*Task to carry out*
Each record is to be printed again exactly, though not its pictures.

*Images for object localization*
======

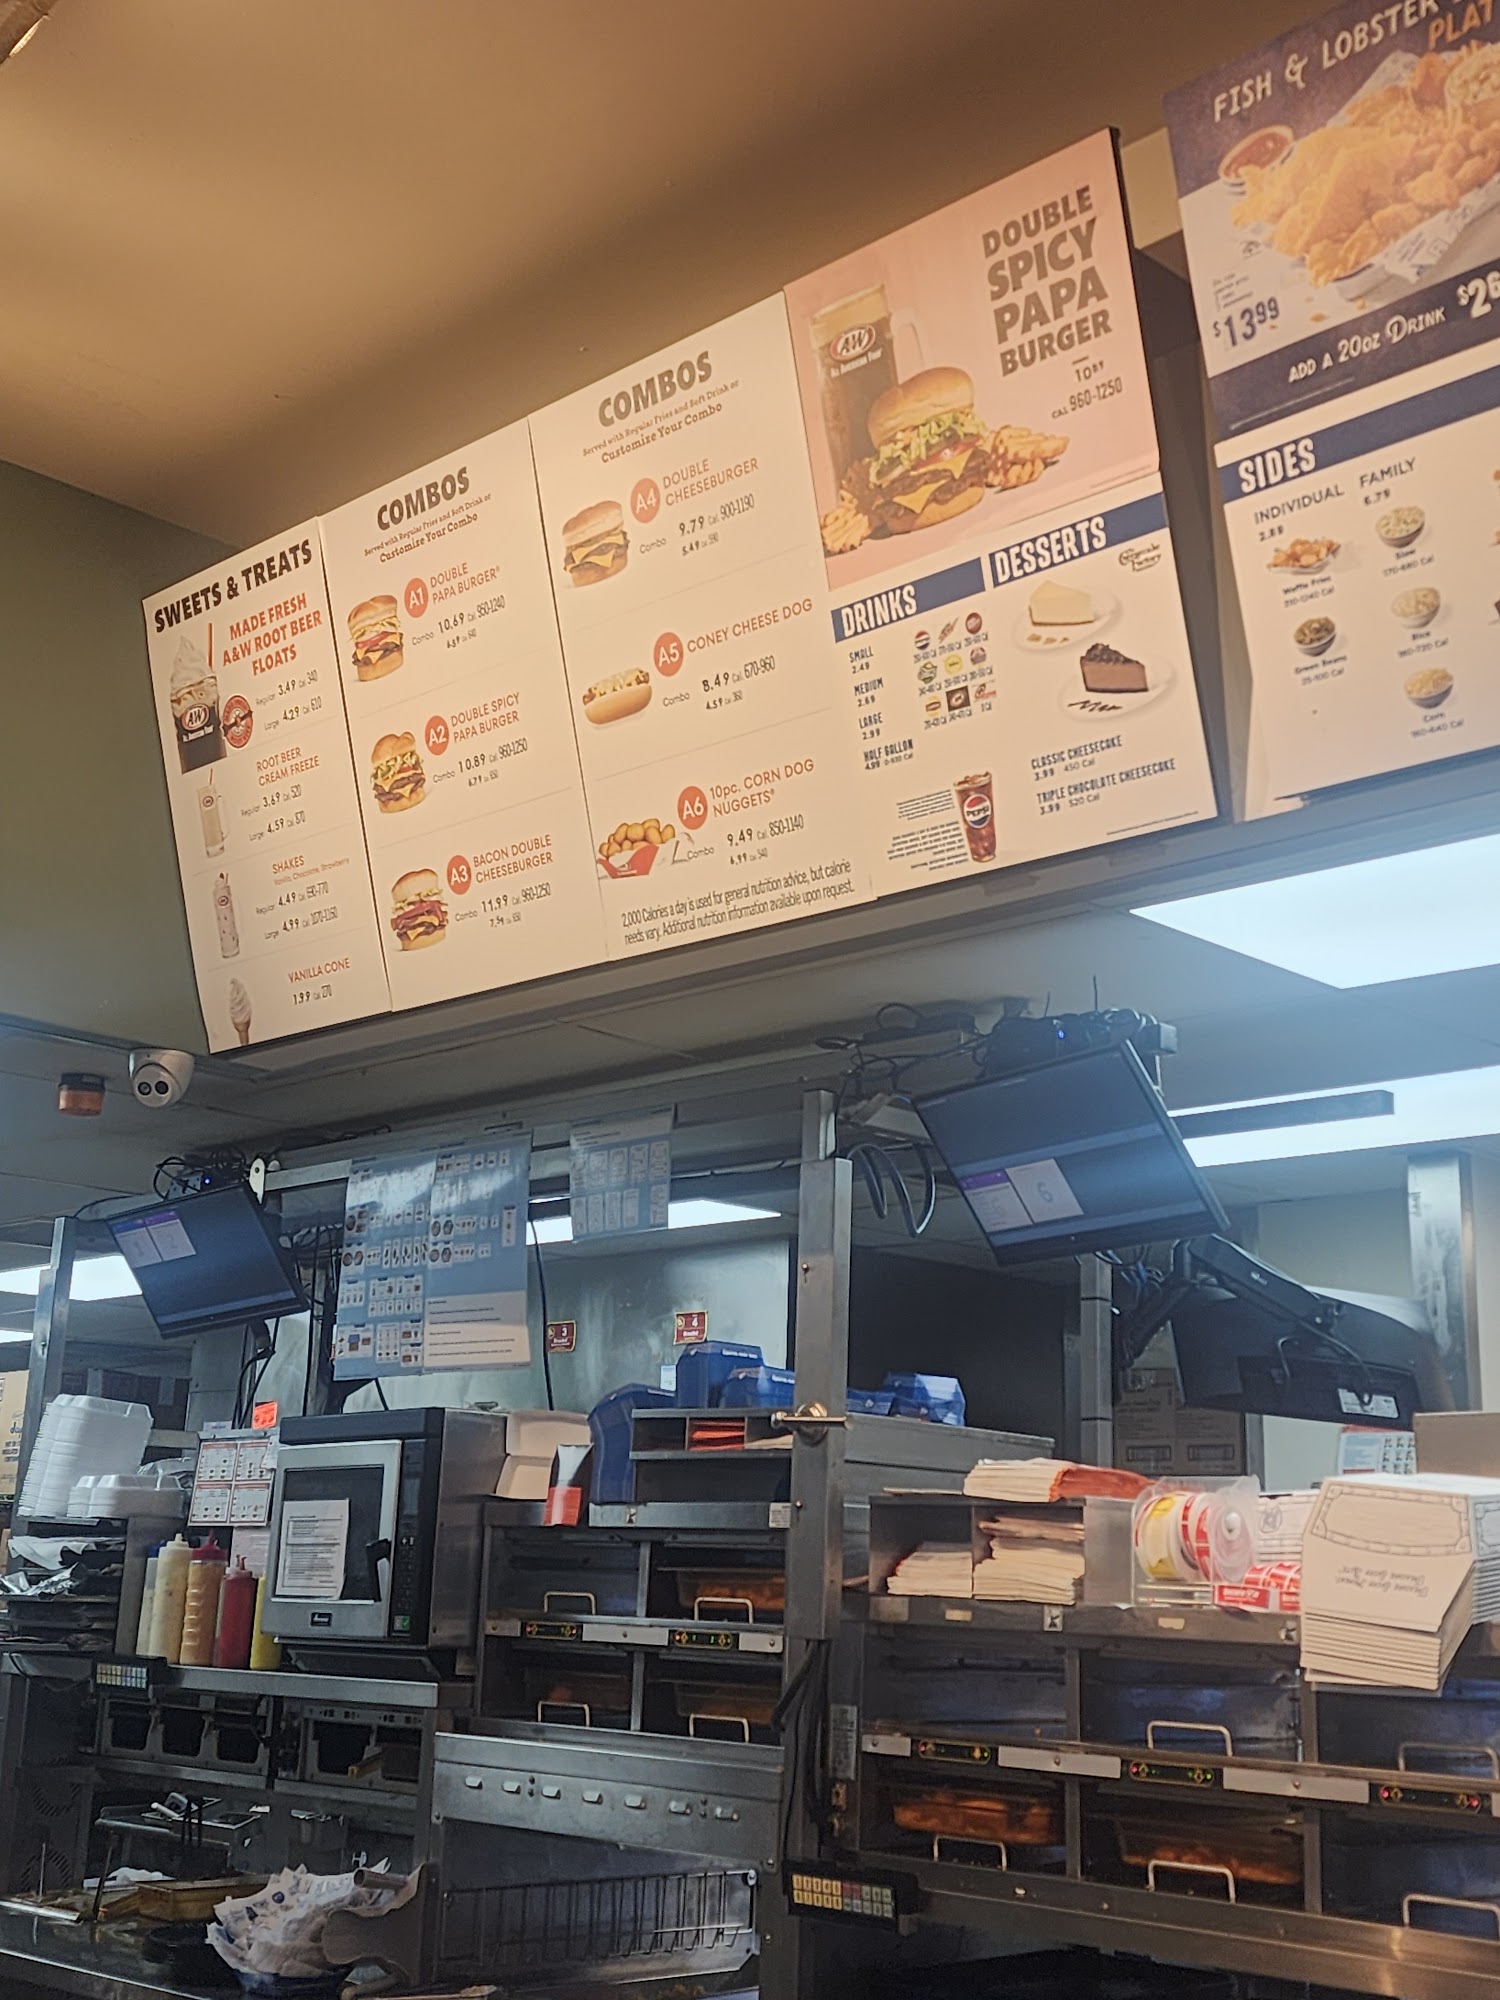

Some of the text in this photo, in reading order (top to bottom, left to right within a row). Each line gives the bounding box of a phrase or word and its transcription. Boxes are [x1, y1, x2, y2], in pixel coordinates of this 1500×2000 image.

[1214, 65, 1272, 122] FISH
[1285, 53, 1308, 90] &
[982, 185, 1093, 258] DOUBLE
[988, 217, 1097, 301] SPICY
[994, 266, 1109, 345] PAPA
[1000, 309, 1112, 377] BURGER
[1289, 359, 1316, 383] ADD
[1322, 352, 1333, 370] A
[599, 351, 713, 427] COMBOS
[583, 380, 738, 457] Served with Regular Fries and Soft Drink or
[602, 403, 722, 463] Customize Your Combo
[663, 459, 709, 489] DOUBLE
[1239, 438, 1316, 493] SIDES
[1359, 457, 1416, 488] FAMILY
[665, 457, 759, 506] CHEESEBURGER
[377, 466, 470, 531] COMBOS
[635, 488, 656, 514] A4
[1255, 484, 1345, 525] INDIVIDUAL
[364, 494, 491, 557] Served with Regular Fries and Soft Drink or
[380, 513, 478, 562] Customize Your Combo
[679, 516, 704, 537] 9.79
[640, 538, 667, 554] Combo
[994, 517, 1107, 584] DESSERTS
[155, 539, 312, 633] SWEETS & TREATS
[430, 563, 468, 588] DOUBLE
[409, 590, 424, 609] A1
[432, 585, 456, 604] PAPA
[230, 593, 307, 640] MADE FRESH
[438, 613, 465, 634] 10.69
[687, 599, 812, 653] CONEY CHEESE DOG
[842, 585, 917, 638] DRINKS
[223, 611, 322, 666] A&W ROOT BEER
[252, 645, 297, 676] FLOATS
[658, 643, 680, 667] A5
[849, 647, 873, 663] SMALL
[278, 679, 296, 696] 3.49
[702, 672, 729, 693] 8.49
[854, 678, 884, 696] MEDIUM
[283, 705, 300, 720] 4.29
[451, 692, 520, 727] DOUBLE SPICY
[663, 692, 690, 707] Combo
[429, 726, 447, 746] A2
[453, 711, 519, 743] PAPA BURGER
[859, 712, 883, 729] LARGE
[256, 747, 301, 772] ROOT BEER
[459, 753, 486, 773] 10.89
[864, 739, 913, 762] HALF GALLON
[1031, 735, 1122, 769] CLASSIC CHEESECAKE
[259, 756, 319, 787] CREAM FREEZE
[710, 759, 814, 801] 10pc. CORN DOG
[1037, 758, 1175, 804] TRIPLE CHOCOLATE CHEESECAKE
[263, 791, 280, 808] 3.69
[682, 797, 704, 820] A6
[267, 817, 284, 833] 4.59
[727, 828, 753, 847] 9.49
[272, 855, 304, 875] SHAKES
[473, 835, 552, 868] BACON DOUBLE
[687, 847, 714, 860] Combo
[451, 865, 469, 885] A3
[476, 852, 553, 883] CHEESEBURGER
[278, 892, 296, 907] 4.49
[482, 895, 508, 913] 11.99
[643, 902, 669, 921] Calories
[675, 900, 688, 916] day
[689, 897, 695, 910] is
[696, 895, 712, 910] used
[713, 890, 723, 905] for
[725, 884, 751, 906] general
[751, 876, 782, 895] nutrition
[811, 866, 824, 882] but
[825, 860, 851, 878] calorie
[283, 919, 299, 932] 4.99
[625, 929, 644, 944] needs
[663, 915, 696, 936] Additional
[697, 909, 727, 928] nutrition
[728, 900, 768, 921] information
[769, 890, 801, 912] available
[802, 886, 821, 907] upon
[288, 958, 350, 983] VANILLA CONE
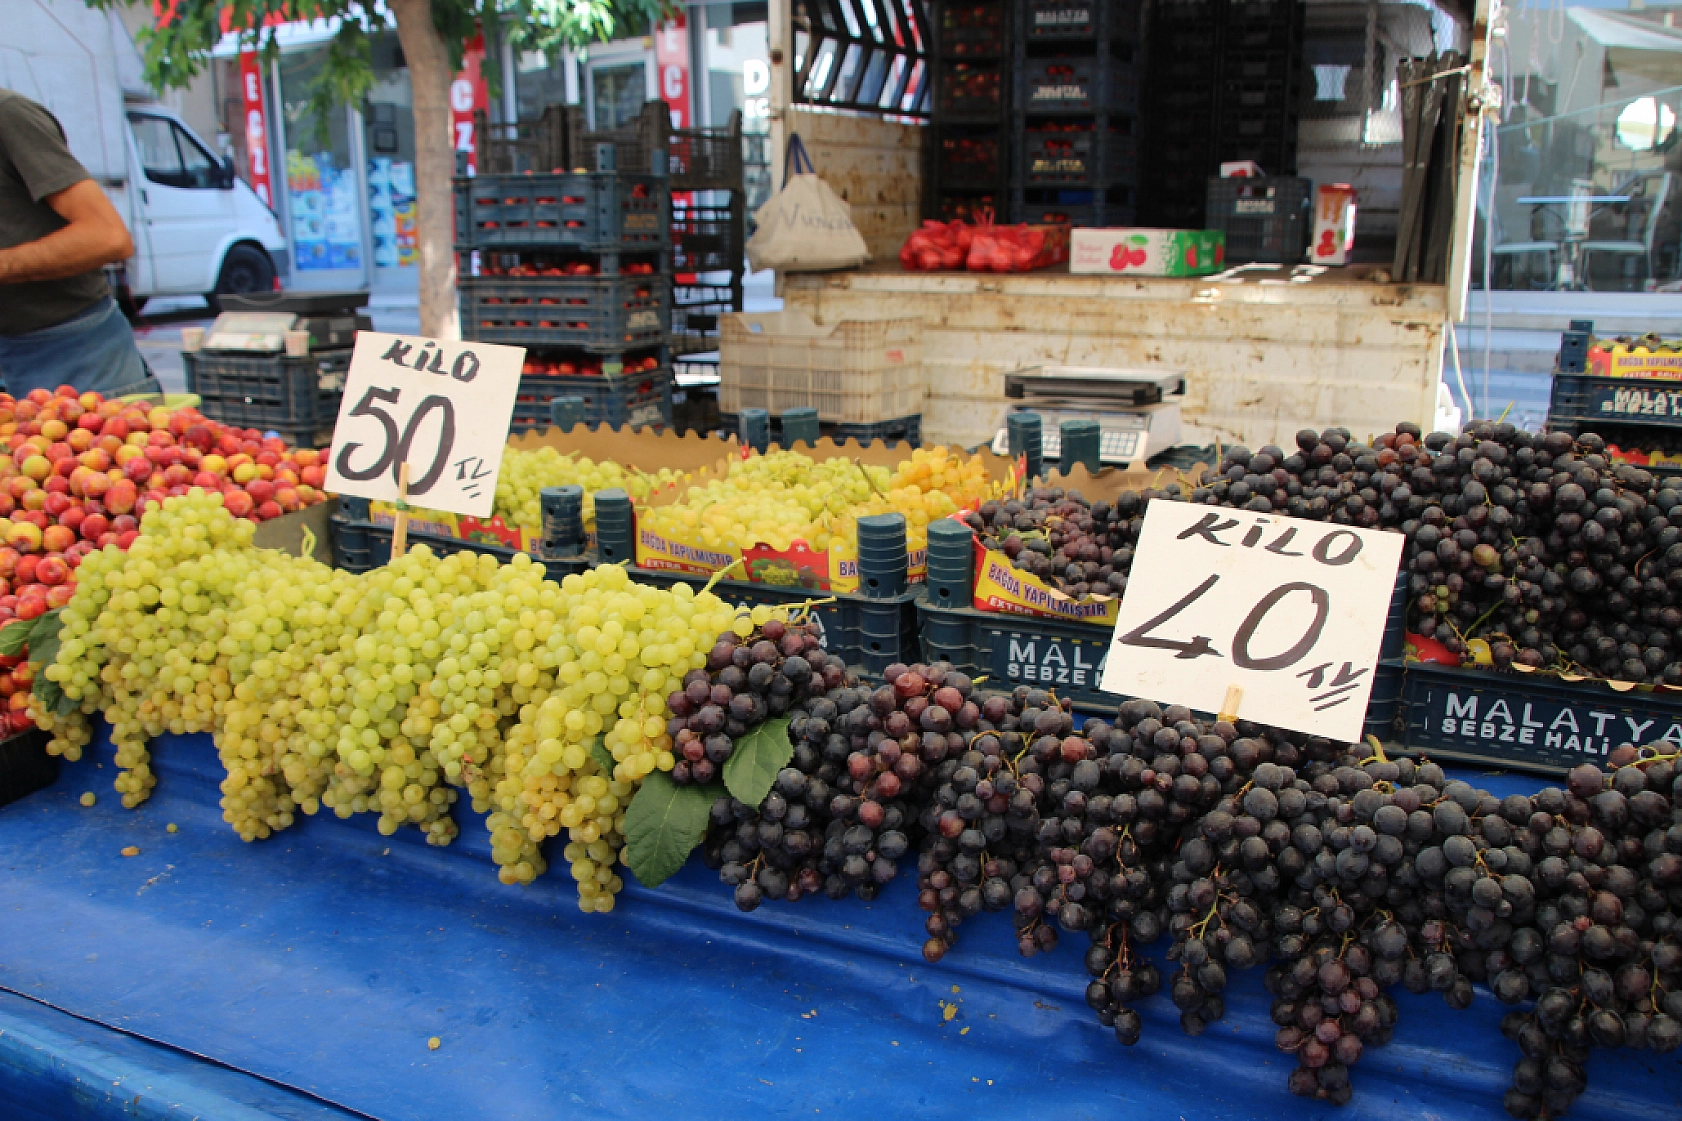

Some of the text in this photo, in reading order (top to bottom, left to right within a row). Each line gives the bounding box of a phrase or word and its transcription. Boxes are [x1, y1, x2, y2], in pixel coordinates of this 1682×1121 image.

[336, 386, 493, 495] 50 TL
[1118, 573, 1330, 671] 40
[1007, 662, 1086, 686] SEBZE
[1441, 718, 1536, 745] SEBZE
[1446, 693, 1682, 743] MALATYA
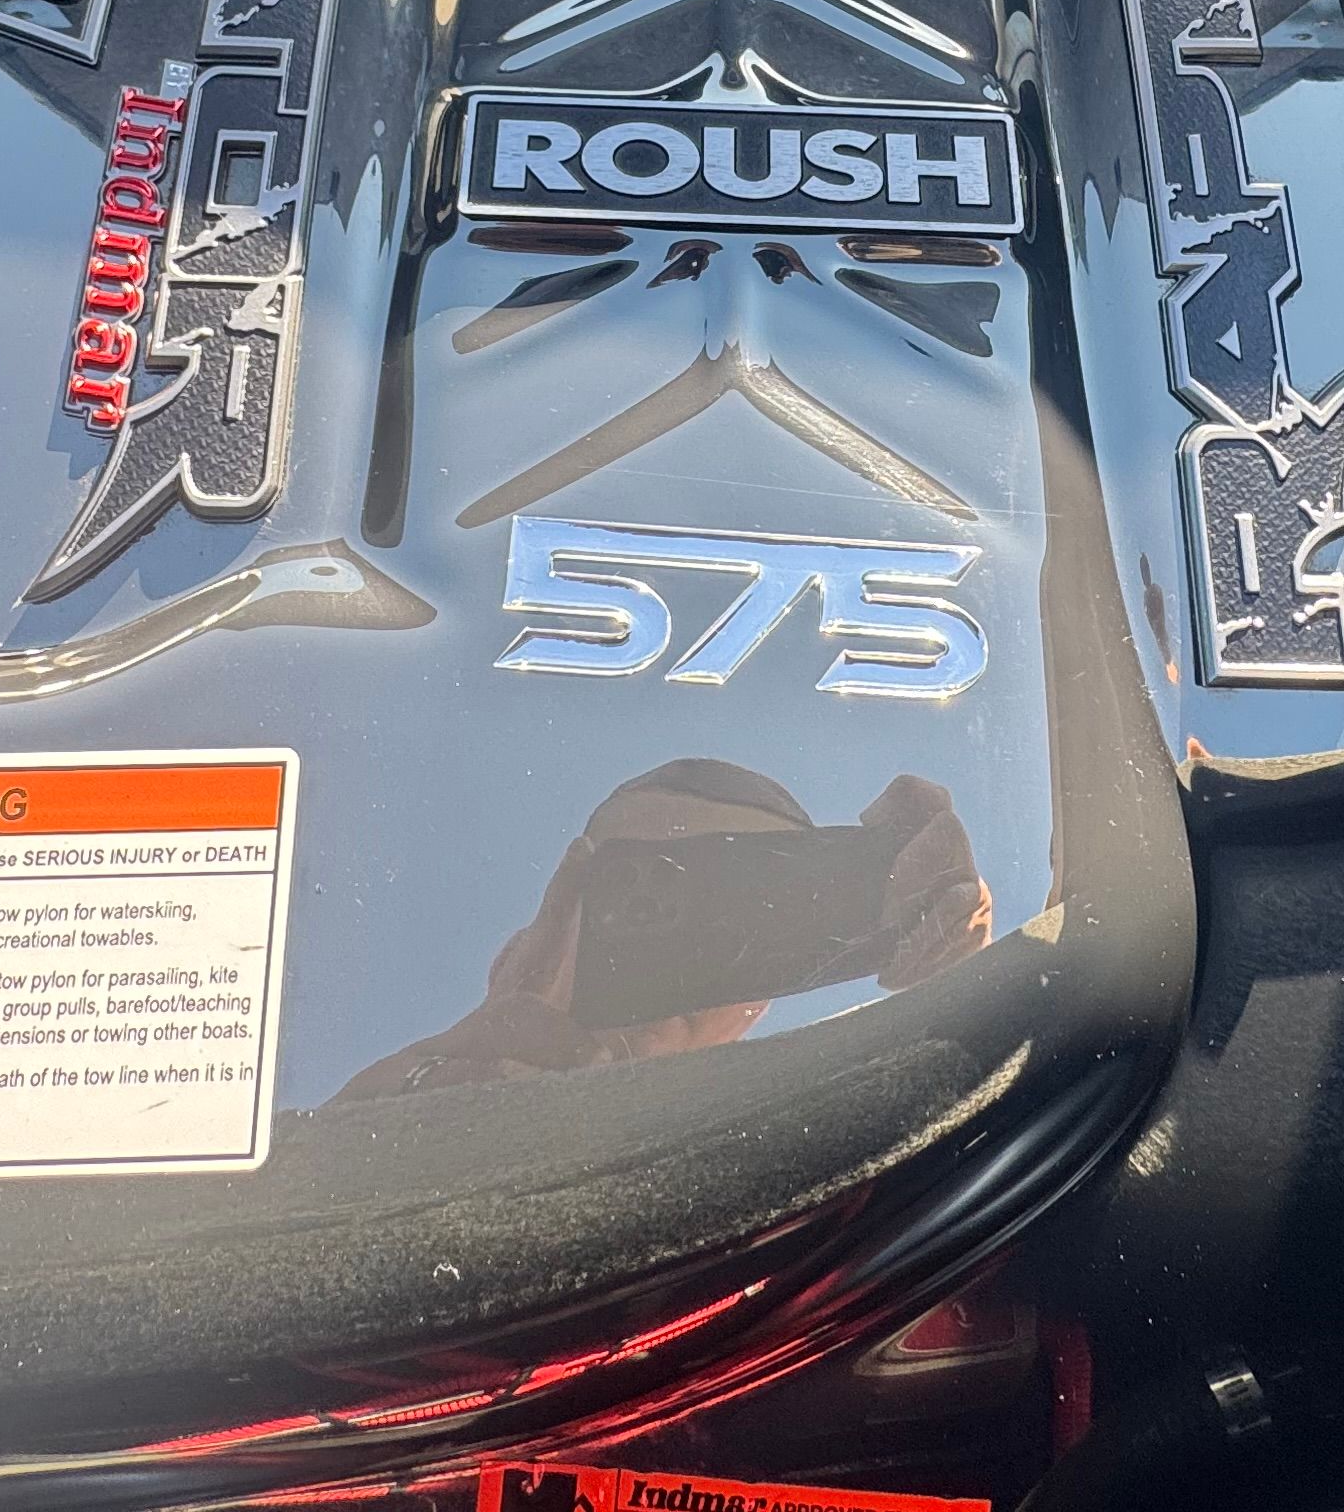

======

*Solved problem*
Some of the text in this photo, in reading order (top to bottom, left to right within a row). Each line gives the bounding box of a phrase or word and its transcription. Boxes are [x1, y1, x2, y2], in pixel coordinates of this 1500×2000 image.

[1214, 65, 1272, 122] FISH
[1285, 53, 1308, 90] &
[982, 185, 1093, 258] DOUBLE
[988, 217, 1097, 301] SPICY
[994, 266, 1109, 345] PAPA
[1000, 309, 1112, 377] BURGER
[1289, 359, 1316, 383] ADD
[1322, 352, 1333, 370] A
[599, 351, 713, 427] COMBOS
[583, 380, 738, 457] Served with Regular Fries and Soft Drink or
[602, 403, 722, 463] Customize Your Combo
[663, 459, 709, 489] DOUBLE
[1239, 438, 1316, 493] SIDES
[1359, 457, 1416, 488] FAMILY
[665, 457, 759, 506] CHEESEBURGER
[377, 466, 470, 531] COMBOS
[635, 488, 656, 514] A4
[1255, 484, 1345, 525] INDIVIDUAL
[364, 494, 491, 557] Served with Regular Fries and Soft Drink or
[380, 513, 478, 562] Customize Your Combo
[679, 516, 704, 537] 9.79
[640, 538, 667, 554] Combo
[994, 517, 1107, 584] DESSERTS
[155, 539, 312, 633] SWEETS & TREATS
[430, 563, 468, 588] DOUBLE
[409, 590, 424, 609] A1
[432, 585, 456, 604] PAPA
[230, 593, 307, 640] MADE FRESH
[438, 613, 465, 634] 10.69
[687, 599, 812, 653] CONEY CHEESE DOG
[842, 585, 917, 638] DRINKS
[223, 611, 322, 666] A&W ROOT BEER
[252, 645, 297, 676] FLOATS
[658, 643, 680, 667] A5
[849, 647, 873, 663] SMALL
[278, 679, 296, 696] 3.49
[702, 672, 729, 693] 8.49
[854, 678, 884, 696] MEDIUM
[283, 705, 300, 720] 4.29
[451, 692, 520, 727] DOUBLE SPICY
[663, 692, 690, 707] Combo
[429, 726, 447, 746] A2
[453, 711, 519, 743] PAPA BURGER
[859, 712, 883, 729] LARGE
[256, 747, 301, 772] ROOT BEER
[459, 753, 486, 773] 10.89
[864, 739, 913, 762] HALF GALLON
[1031, 735, 1122, 769] CLASSIC CHEESECAKE
[259, 756, 319, 787] CREAM FREEZE
[710, 759, 814, 801] 10pc. CORN DOG
[1037, 758, 1175, 804] TRIPLE CHOCOLATE CHEESECAKE
[263, 791, 280, 808] 3.69
[682, 797, 704, 820] A6
[267, 817, 284, 833] 4.59
[727, 828, 753, 847] 9.49
[272, 855, 304, 875] SHAKES
[473, 835, 552, 868] BACON DOUBLE
[687, 847, 714, 860] Combo
[451, 865, 469, 885] A3
[476, 852, 553, 883] CHEESEBURGER
[278, 892, 296, 907] 4.49
[482, 895, 508, 913] 11.99
[643, 902, 669, 921] Calories
[675, 900, 688, 916] day
[689, 897, 695, 910] is
[696, 895, 712, 910] used
[713, 890, 723, 905] for
[725, 884, 751, 906] general
[751, 876, 782, 895] nutrition
[811, 866, 824, 882] but
[825, 860, 851, 878] calorie
[283, 919, 299, 932] 4.99
[625, 929, 644, 944] needs
[663, 915, 696, 936] Additional
[697, 909, 727, 928] nutrition
[728, 900, 768, 921] information
[769, 890, 801, 912] available
[802, 886, 821, 907] upon
[288, 958, 350, 983] VANILLA CONE

Some of the text in this photo, in reading order (top to bottom, left to right within a row). Each line gives the bounding box of a phrase or word and its transcription. Boxes are [x1, y1, x2, y2], in pixel coordinates of this 1682×1121 image.

[336, 386, 493, 495] 50 TL
[1118, 573, 1330, 671] 40
[1007, 662, 1086, 686] SEBZE
[1441, 718, 1536, 745] SEBZE
[1446, 693, 1682, 743] MALATYA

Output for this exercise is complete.